> Work order: Reproduce the listing that follows character for character, excluding its pictures.

> Listed entries:
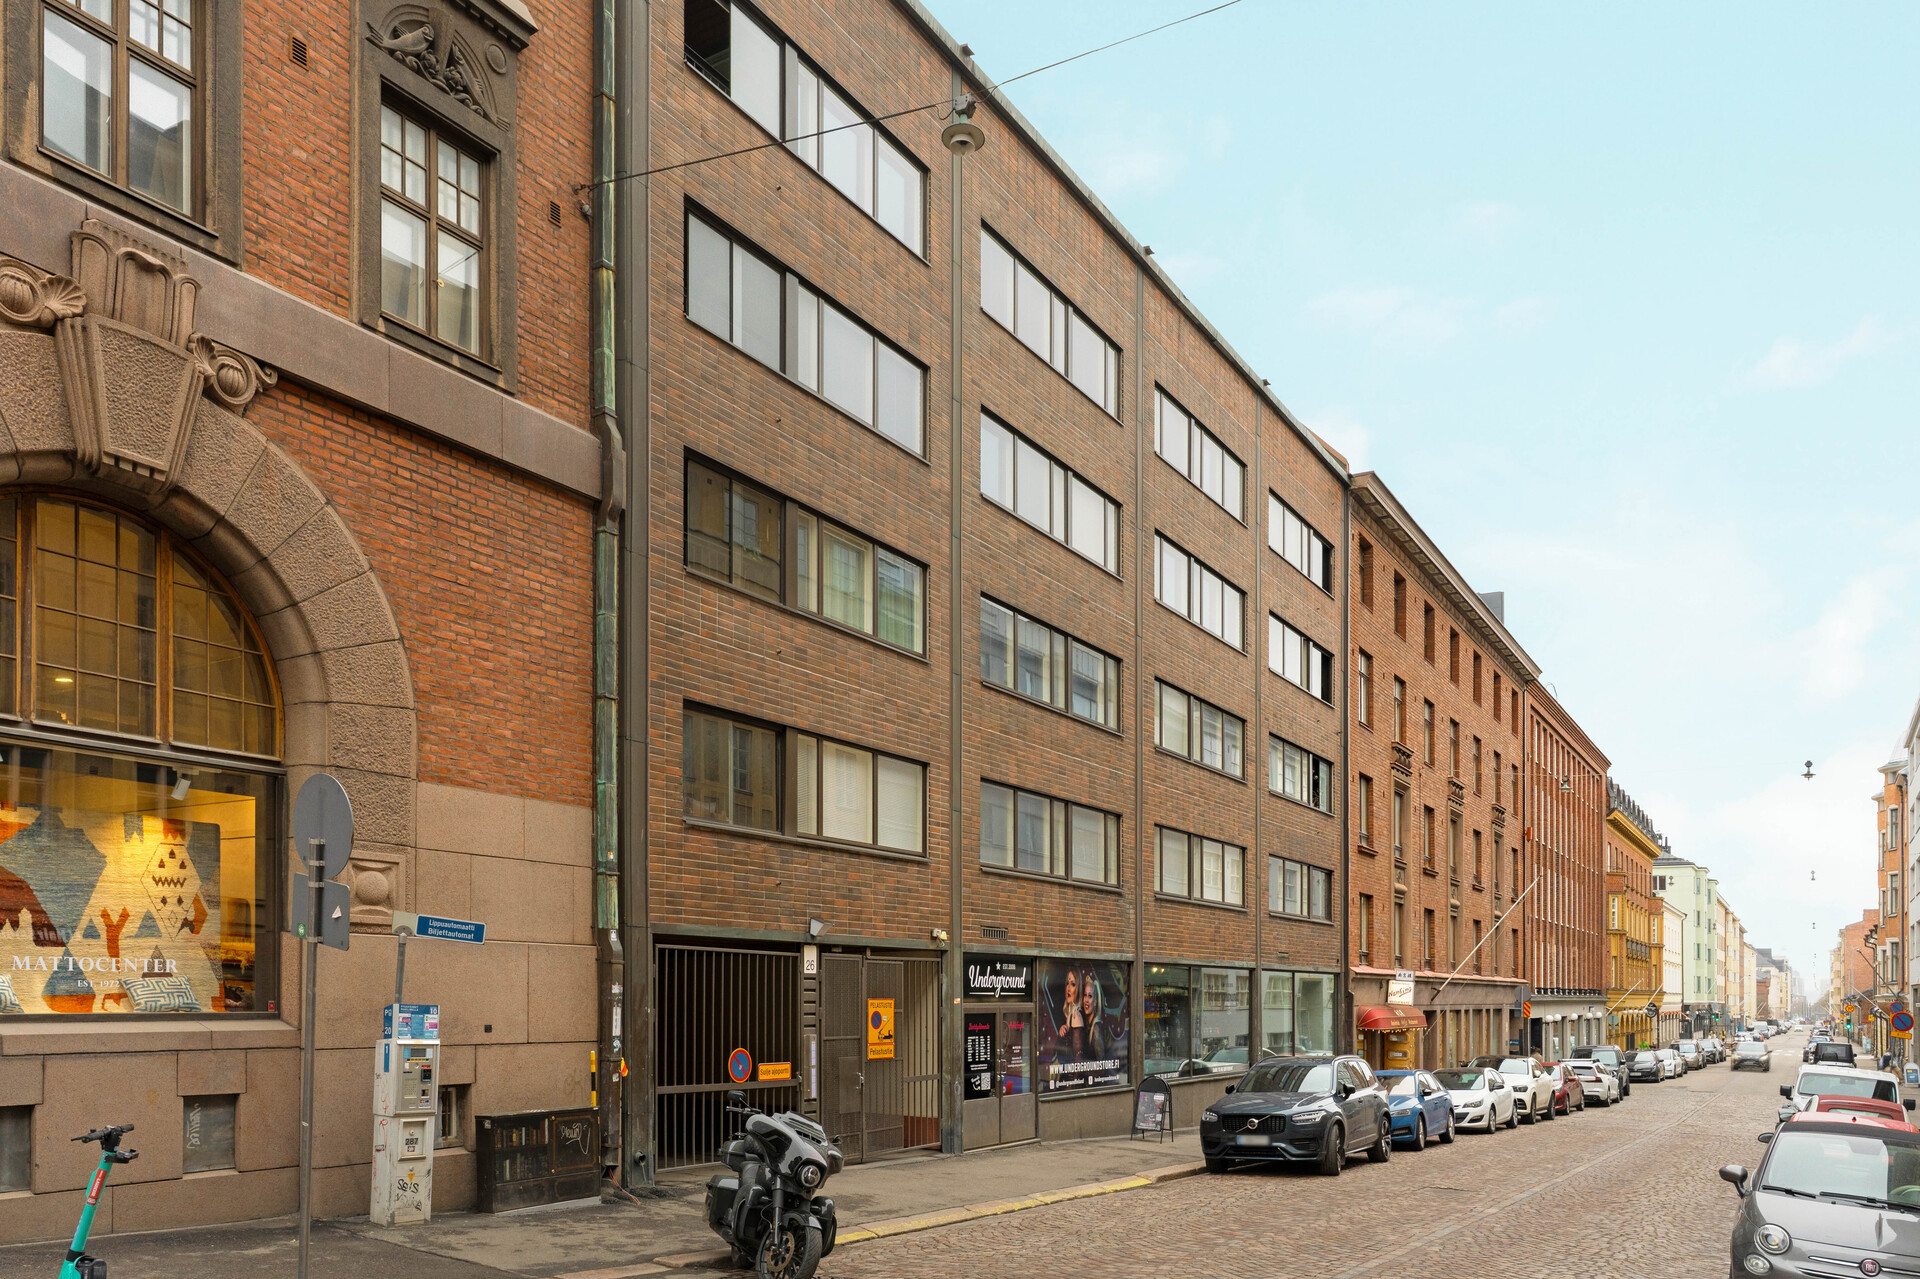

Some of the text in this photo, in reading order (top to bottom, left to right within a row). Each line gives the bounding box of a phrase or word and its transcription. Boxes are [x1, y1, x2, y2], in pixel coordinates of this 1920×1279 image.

[428, 919, 475, 931] Lippuautomaatti
[427, 928, 474, 940] Biljettautomat
[12, 955, 179, 973] MATTOCENTER
[806, 960, 815, 971] 26
[77, 979, 121, 988] EST. 1972
[968, 964, 1026, 998] Underground
[870, 1001, 893, 1009] PELASTUSTIE
[384, 1026, 392, 1035] 20
[870, 1047, 893, 1056] Pelastustie
[1049, 1059, 1120, 1074] WWW.UNDERGROUNDSTORE.FI
[405, 1137, 418, 1146] 287
[1865, 1263, 1876, 1272] FIAT
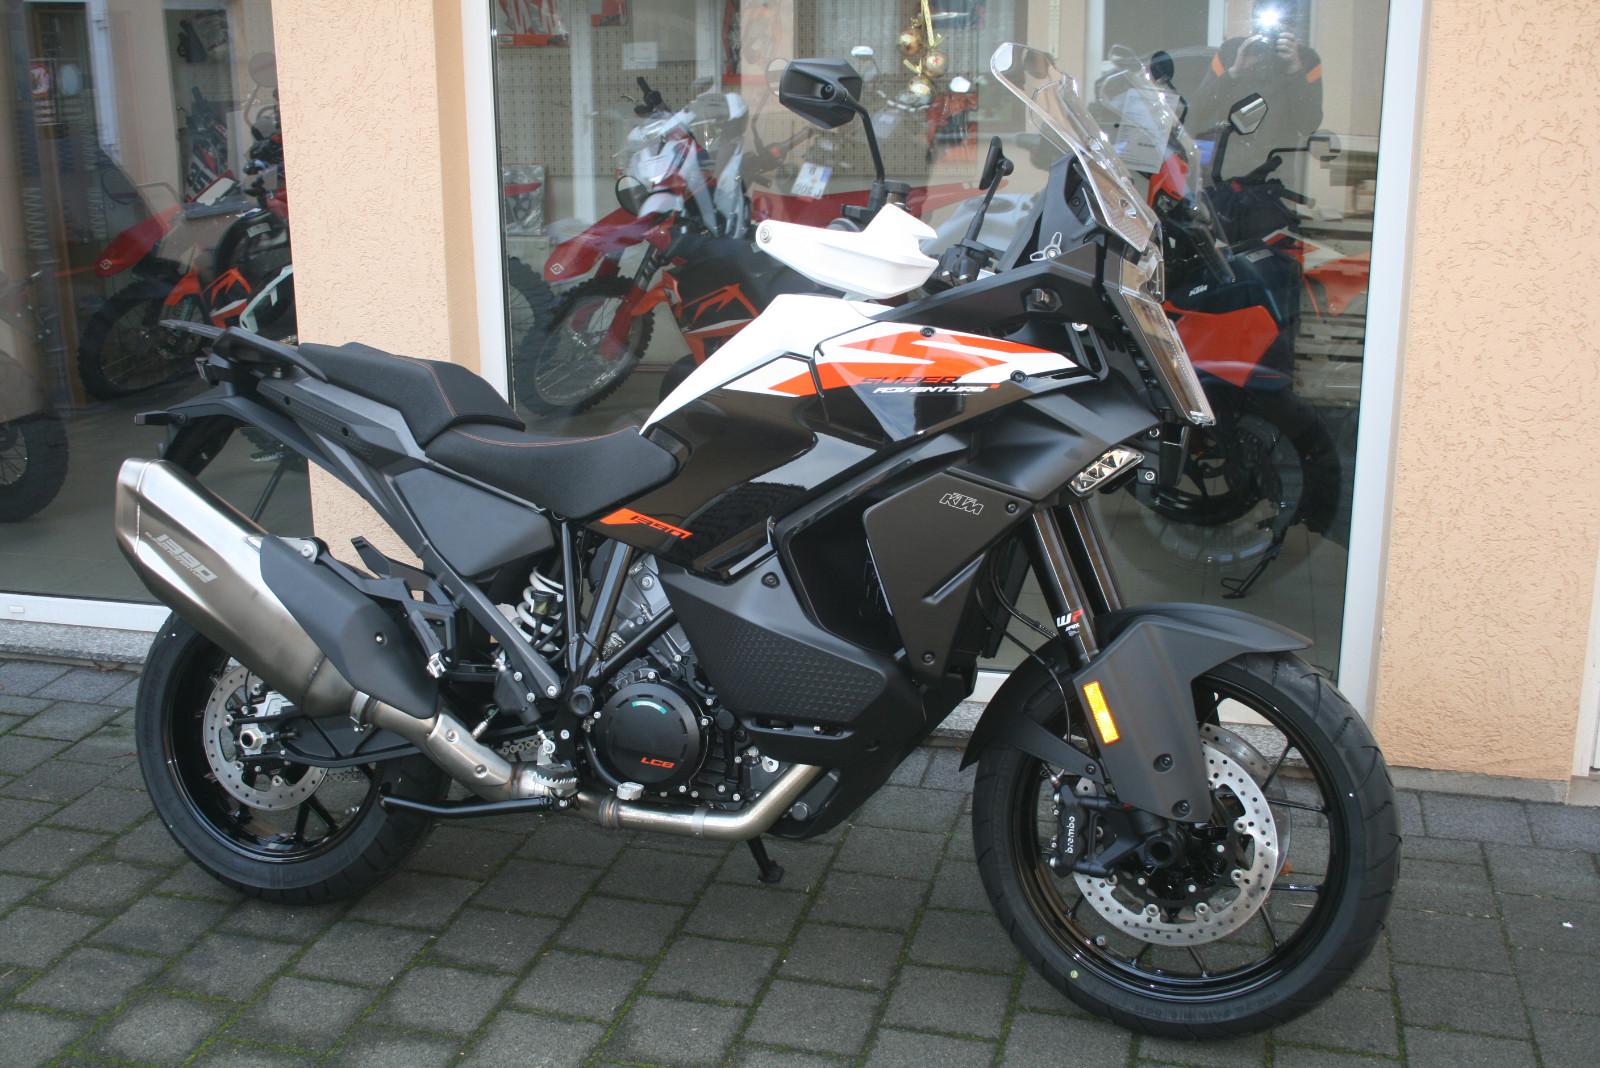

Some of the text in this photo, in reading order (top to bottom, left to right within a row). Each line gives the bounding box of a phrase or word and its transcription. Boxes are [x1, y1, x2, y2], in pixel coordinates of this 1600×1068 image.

> Solution below:
Some of the text in this photo, in reading order (top to bottom, left to right within a row). Each line gives the bounding box of a phrase or word and its transcription. Boxes are [x1, y1, x2, y2], in pixel coordinates of this 1920×1279 image.

[428, 919, 475, 931] Lippuautomaatti
[427, 928, 474, 940] Biljettautomat
[12, 955, 179, 973] MATTOCENTER
[806, 960, 815, 971] 26
[77, 979, 121, 988] EST. 1972
[968, 964, 1026, 998] Underground
[870, 1001, 893, 1009] PELASTUSTIE
[384, 1026, 392, 1035] 20
[870, 1047, 893, 1056] Pelastustie
[1049, 1059, 1120, 1074] WWW.UNDERGROUNDSTORE.FI
[405, 1137, 418, 1146] 287
[1865, 1263, 1876, 1272] FIAT

Some of the text in this photo, in reading order (top to bottom, left to right within a row). Each line gives the bounding box of a phrase or word and its transcription. Boxes are [x1, y1, x2, y2], in pixel coordinates of this 1600×1068 image.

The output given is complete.